3. In a way, the debt rating doesn’t matter. What does matter is how much we can sell our debt for at the bond auctions. There is a huge appetite for American debt, because we are still the most stable and largest investment vehicle in the world. Look at the prices at the bond markets. They are low and stable.

4. Where people buy bonds also has a lot to do with the relative strength of economies. The U.S. is stronger than any other country in the world especially to China who is the primary borrower. They have nowhere else to invest.

This whole issue about the debt ceiling is completely dumb. Do we need to stop spending recklessly, absolutely. Do we need to not pay our bills to do so, No.
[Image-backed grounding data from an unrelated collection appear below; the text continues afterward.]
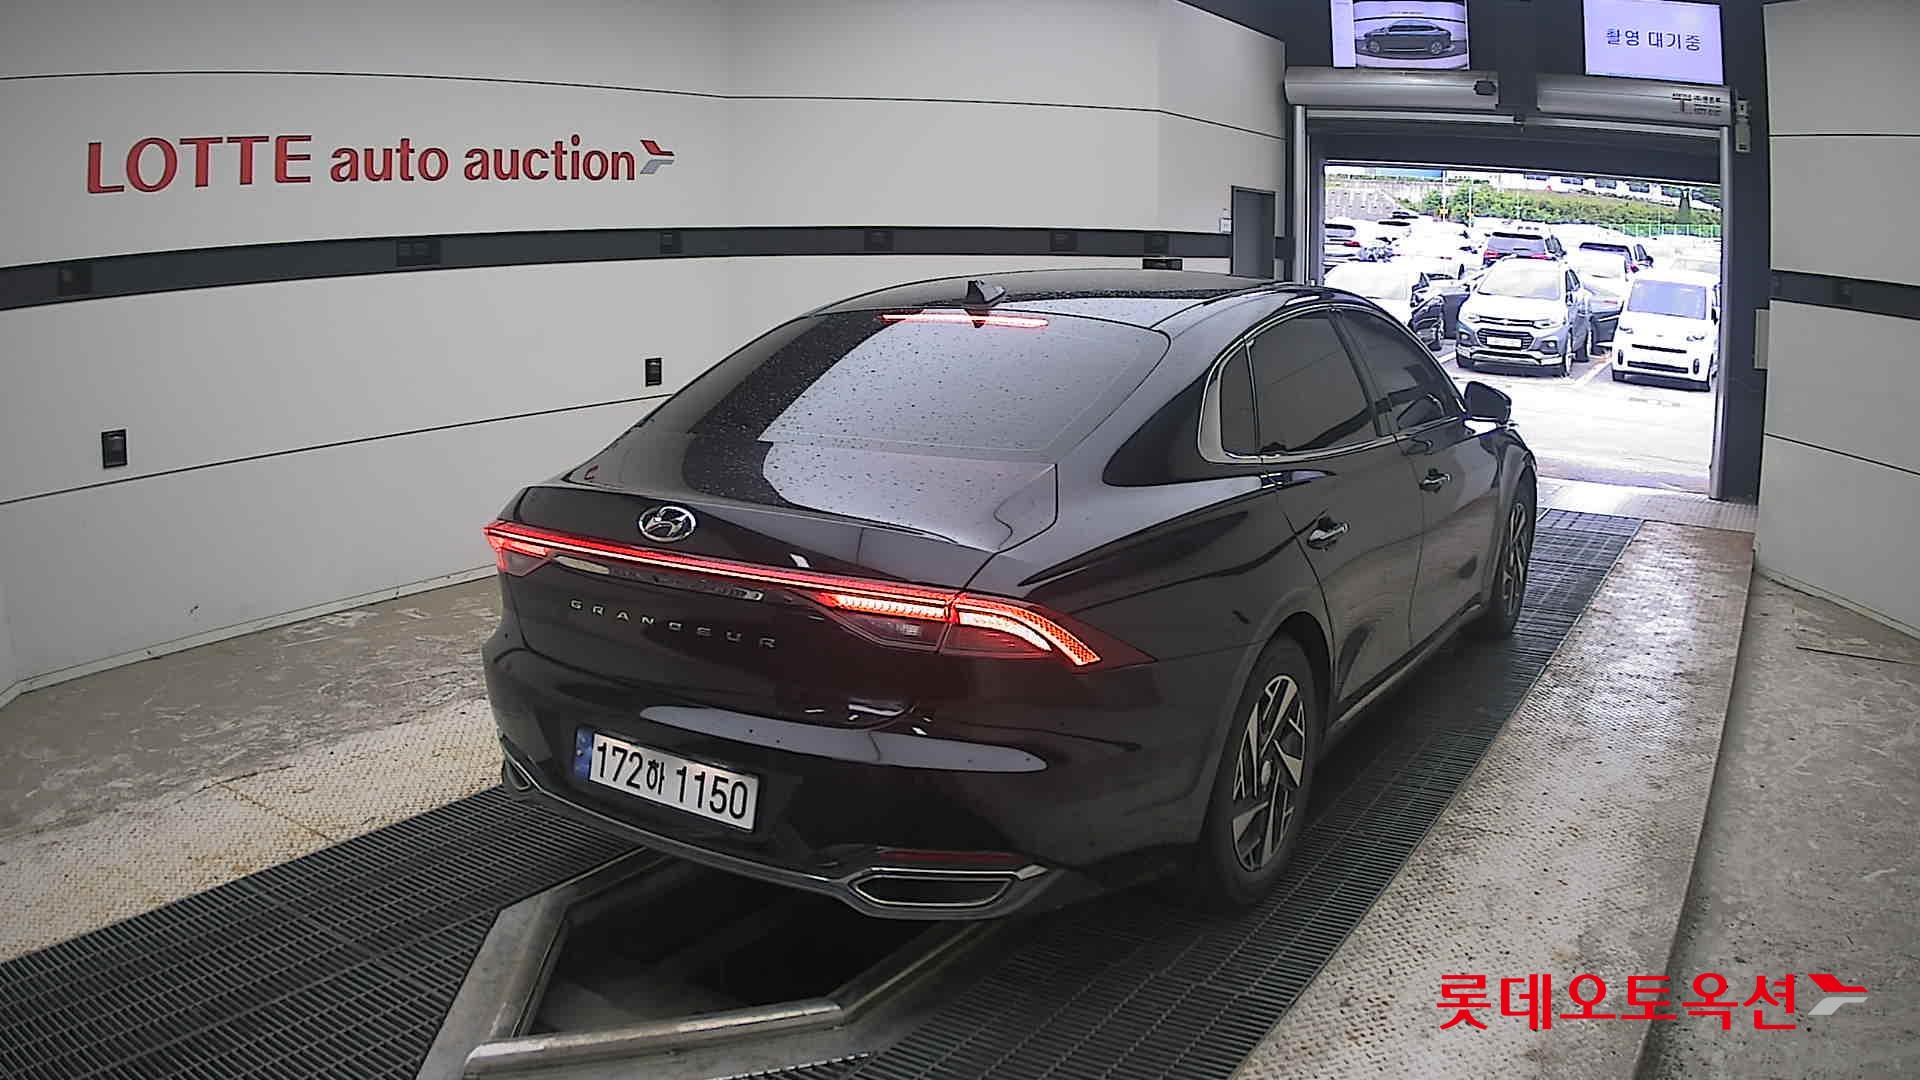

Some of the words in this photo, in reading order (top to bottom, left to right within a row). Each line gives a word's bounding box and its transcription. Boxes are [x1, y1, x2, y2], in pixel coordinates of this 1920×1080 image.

[1647, 31, 1701, 51] 대기중
[87, 135, 312, 194] LOTTE
[330, 138, 449, 183] auto
[464, 134, 635, 181] auction
[570, 600, 776, 648] GRANDEUR
[597, 742, 664, 795] 172하
[677, 767, 748, 820] 1150
Its more panic politics, and you’re one of the people who fall into the trap continuously. Stop listening at the radio and TV so much. The real data is out there, and its saying that our debt right now is really much ado about nothing.

CJ

July 12th, 2011
2:06 pm

Kyle,

I stand corrected.

Not raising the debt ceiling is choice not pay social security checks, Medicare bills, our troops, air traffic controllers, homeland security personnel, federal judges and staff, CDC epidemiologists, SEC auditors, FDA scientists, and/or many others or default on our debt or a combination of these bad options. The result is the same: economic calamity.

We agree that there would be a price to pay.

pj

July 12th, 2011
2:07 pm

Kyle – didn’t one of your previous columns on deficit reduction support a similar 3:1 ratio between spending cuts and revenue increases?

Linda

July 12th, 2011
2:08 pm

what@1:51, I have a different definition of insolvency that most people. My parents never paid a dime of interest & believed interest was income rather than an expense. The only interest I have ever paid was on two houses.

Bart Abel

July 12th, 2011
2:15 pm

what?? at 1:52,

Great point! When adding my mortgage to my car loan, my personal debt is 155 percent of my annual income…relatively low compared to many others. Yet, somehow, I’m not insolvent. In fact, I’m doing pretty good.
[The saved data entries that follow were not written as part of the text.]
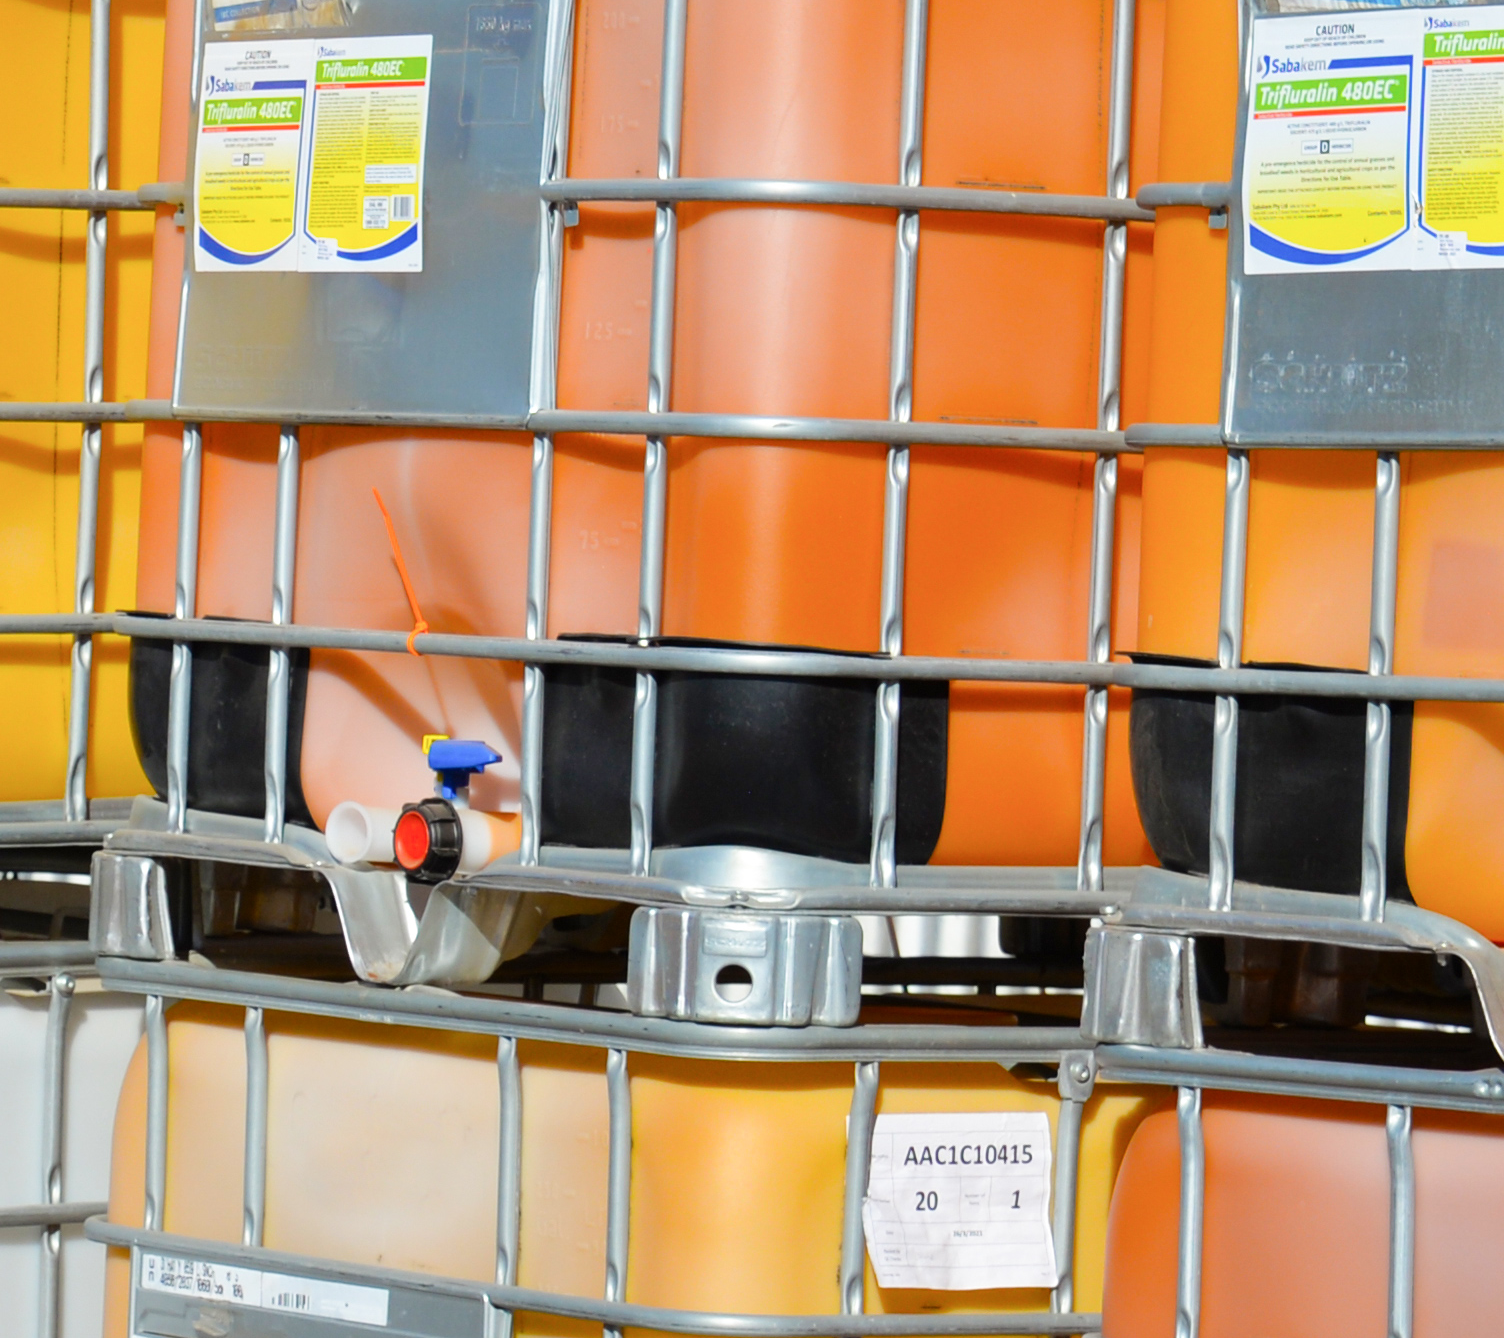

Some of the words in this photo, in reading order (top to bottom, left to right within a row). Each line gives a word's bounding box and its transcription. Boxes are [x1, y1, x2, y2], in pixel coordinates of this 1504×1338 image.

[1316, 24, 1355, 36] CAUTION
[1434, 18, 1469, 28] Sabakem
[245, 50, 271, 60] CAUTION
[322, 61, 369, 81] Trifluralin
[1272, 57, 1326, 73] Sabakem
[216, 78, 251, 92] Sabakem
[1260, 81, 1337, 109] Trifluralin
[207, 101, 257, 124] Trifluralin
[904, 1145, 1033, 1165] AAC1C10415
[915, 1191, 938, 1211] 20
[1011, 1190, 1021, 1209] 1
When people say that we should run our government like we run our households and businesses, they should remember that households and businesses borrow money to invest in their futures.

The government has had far larger amounts of debt in the past, measured as a portion of the size of the economy, and we were able to reduce the deficits, in part, by helping to grow the private sector with the investments that it made.
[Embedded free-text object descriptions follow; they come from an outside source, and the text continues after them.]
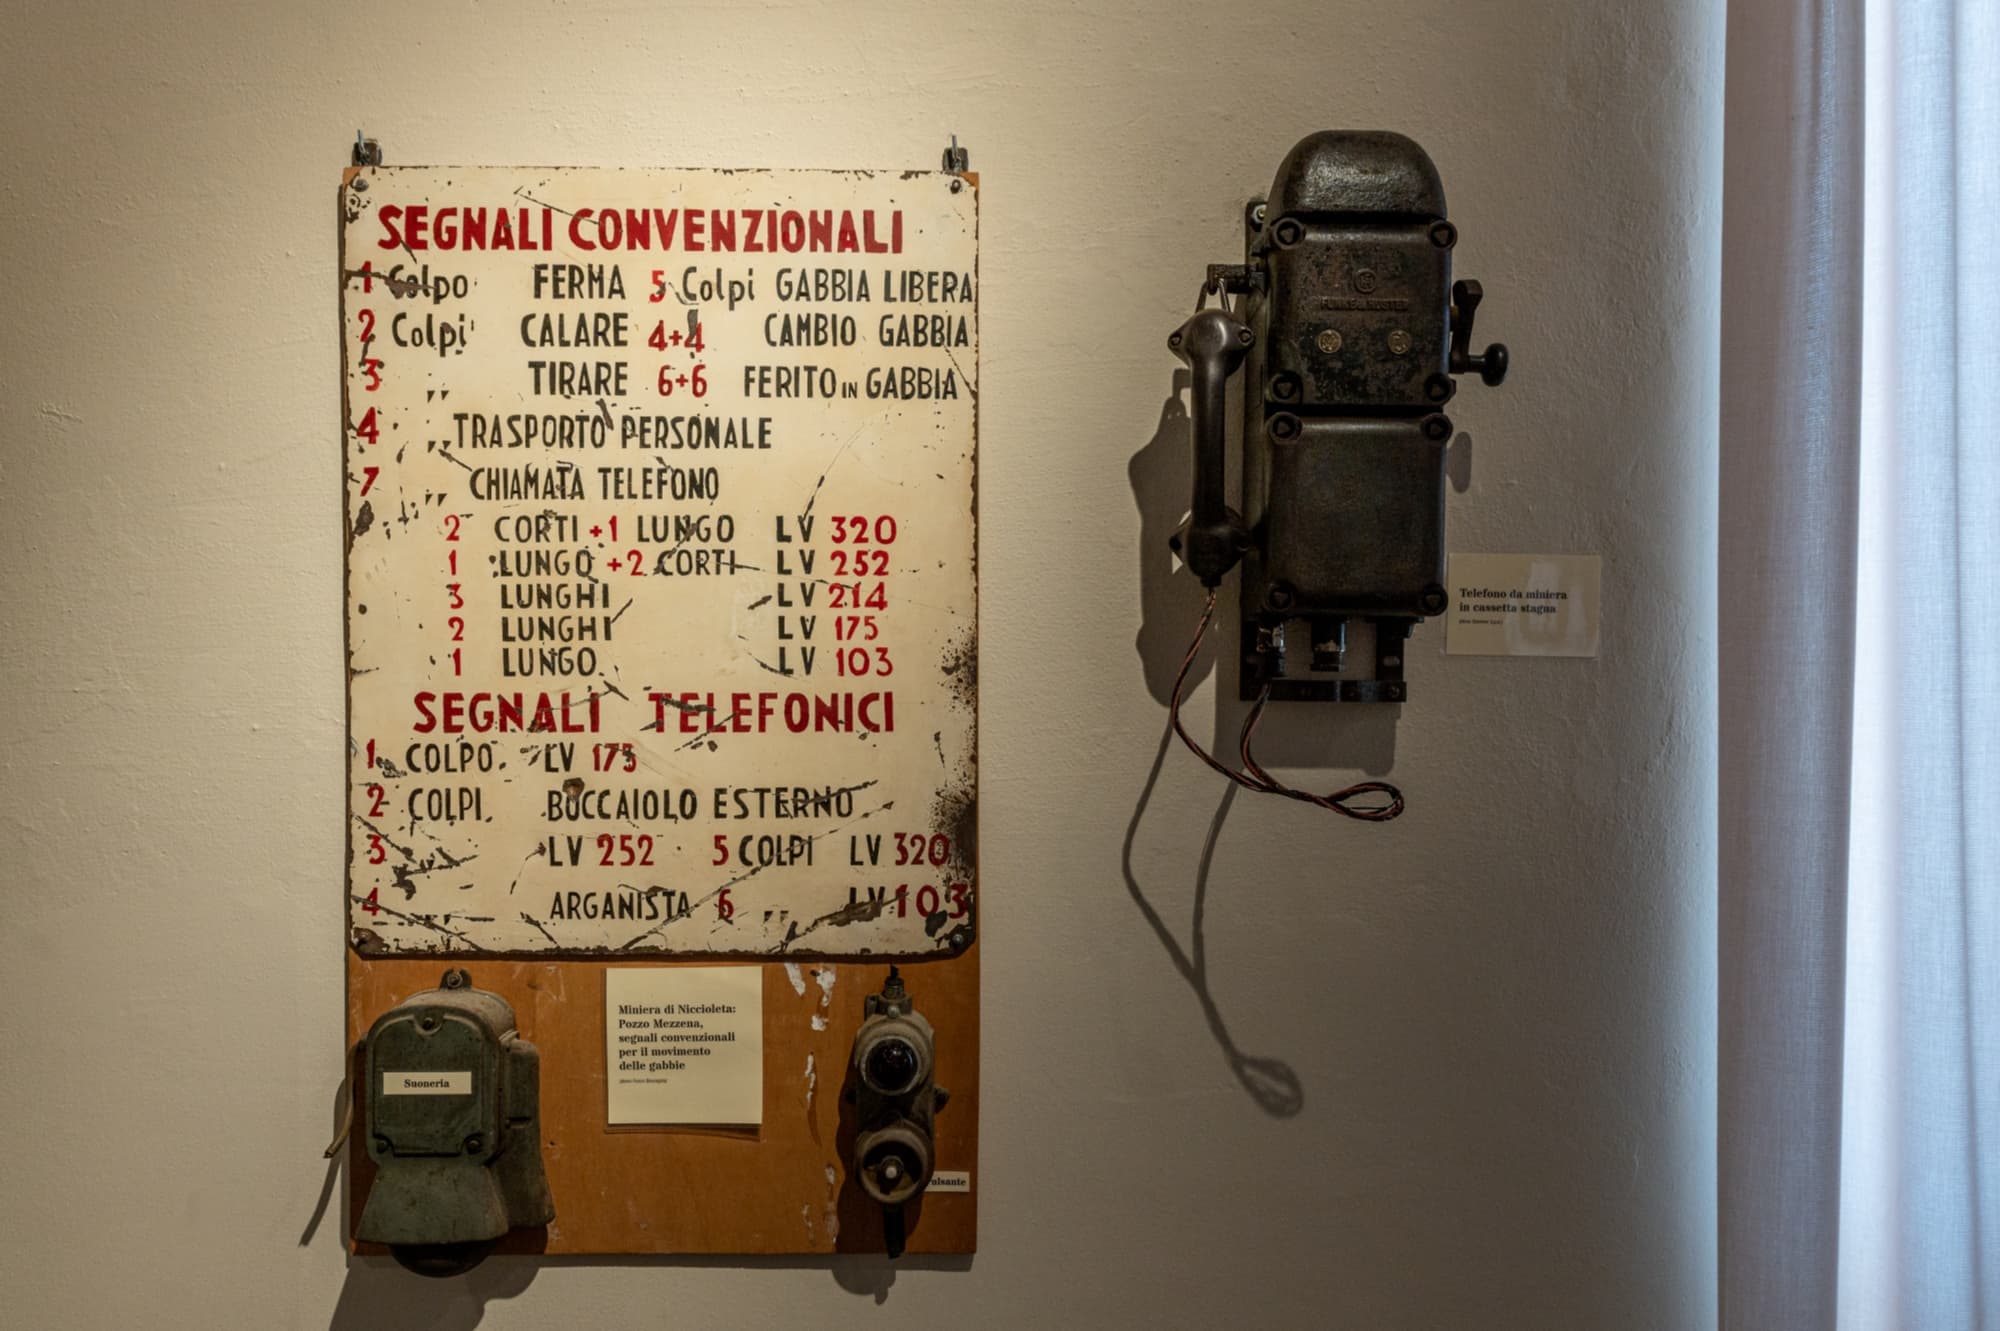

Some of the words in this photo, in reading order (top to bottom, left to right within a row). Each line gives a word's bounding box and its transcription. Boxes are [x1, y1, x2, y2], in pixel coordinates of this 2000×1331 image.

[378, 205, 552, 250] SEGNALI
[568, 207, 903, 254] CONVENZIONALI
[363, 261, 372, 293] 1
[388, 265, 468, 304] Colpo
[534, 264, 626, 300] FERMA
[649, 270, 666, 303] 5
[682, 266, 755, 311] Colpi
[776, 268, 870, 302] GABBIA
[884, 270, 973, 302] LIBERA
[358, 309, 374, 342] 2
[392, 312, 466, 357] Colpi
[520, 313, 628, 347] CALARE
[647, 320, 705, 352] 4+4
[765, 313, 856, 347] CAMBIO
[879, 314, 969, 347] GABBIA
[365, 359, 380, 392] 3
[528, 361, 628, 396] TIRARE
[744, 365, 836, 399] FERITO
[842, 382, 858, 399] IN
[866, 367, 958, 400] GABBIA
[356, 407, 379, 444] 4
[453, 413, 606, 449] TRASPORTO
[621, 415, 772, 449] PERSONALE
[360, 467, 379, 496] 7
[469, 467, 585, 500] CHIAMATA
[598, 467, 719, 500] TELEFONO
[444, 515, 460, 541] 2
[494, 515, 578, 542] CORTI
[637, 515, 734, 543] LUNGO
[776, 515, 814, 543] LV
[830, 515, 897, 545] 320
[449, 550, 457, 576] 1
[499, 550, 593, 577] LUNGO
[657, 549, 735, 576] CORTI
[777, 549, 815, 576] LV
[830, 551, 889, 577] 252
[450, 583, 464, 609] 3
[500, 583, 610, 609] LUNGHI
[777, 582, 815, 607] LV
[828, 581, 888, 610] 214
[1459, 588, 1507, 599] Telefono
[1509, 589, 1523, 599] da
[1526, 589, 1568, 600] miniera
[1459, 602, 1470, 612] in
[1473, 602, 1517, 613] cassetta
[1520, 603, 1557, 615] stagna
[448, 616, 464, 641] 2
[501, 616, 612, 642] LUNGHI
[777, 615, 816, 640] LV
[834, 616, 879, 641] 175
[452, 648, 461, 676] 1
[502, 647, 596, 677] LUNGO
[779, 646, 816, 675] LV
[836, 647, 894, 677] 103
[413, 692, 600, 733] SEGNALI
[648, 691, 894, 733] TELEFONICI
[366, 739, 375, 769] 1
[406, 743, 493, 773] COLPO
[545, 742, 575, 773] LV
[367, 785, 384, 817] 2
[408, 787, 482, 821] COLPI
[548, 788, 697, 822] BOCCAIOLO
[714, 787, 853, 820] ESTERNO
[368, 834, 385, 865] 3
[548, 835, 583, 867] LV
[597, 833, 654, 866] 252
[712, 835, 729, 866] 5
[738, 835, 813, 867] COLPI
[850, 834, 881, 866] LV
[894, 832, 950, 867] 320
[362, 887, 379, 916] 4
[550, 891, 691, 921] ARGANISTA
[718, 889, 734, 919] 6
[895, 884, 968, 919] 103
[618, 1004, 661, 1015] Miniera
[664, 1004, 675, 1014] di
[678, 1003, 736, 1014] Niccioleta:
[618, 1019, 650, 1029] Pozzo
[653, 1018, 704, 1030] Mezzena,
[618, 1033, 658, 1045] segnali
[660, 1032, 736, 1043] convenzionali
[619, 1048, 637, 1059] per
[640, 1047, 648, 1057] il
[651, 1047, 711, 1057] movimento
[619, 1061, 646, 1071] delle
[649, 1060, 686, 1072] gabbie
[404, 1078, 450, 1088] Suoneria
[931, 1177, 967, 1186] ulsante
The government isn’t insolvent. I to am concerned about the size of our current deficits. Very concerned. But cutting spending and raising taxes aren’t the only options. Government can invest in the economy in such a way that the economy grows faster than the debt…as it has in the past. It’s all relative.

Filter

July 12th, 2011
2:19 pm

ummmmmm….Linda….definitions are definitions. They are what they are and aren’t subject to the whims of the person using them.

Opinions, well now that’s another issue entirely. But then again I don’t agree with everything you say so what can I possibly know.

Jimmy62

July 12th, 2011
2:20 pm

Raising taxes will not solve the problem. Unless we raise taxes on poor people (the ones who often don’t actually pay income taxes). If we take every dollar from every rich person in the US, we will still be left with a huge debt.

Revenue is not the problem and never has been. Spending is. Spending growth (i.e. the growth of government, which also means more control over our lives and less freedom) has far outstripped population growth+inflation. Please explain how that’s a revenue problem? That’s like me having a $40k/year job and buying a $4 million mansion, and saying my problem isn’t that I spent too much, it’s that I don’t make enough money! It’s a great way to end up homeless as an individual, or broke as a country. You gotta sell that house and live within your means, because it’s unrealistic to think you can immediately raise your income enough to pay for that mansion.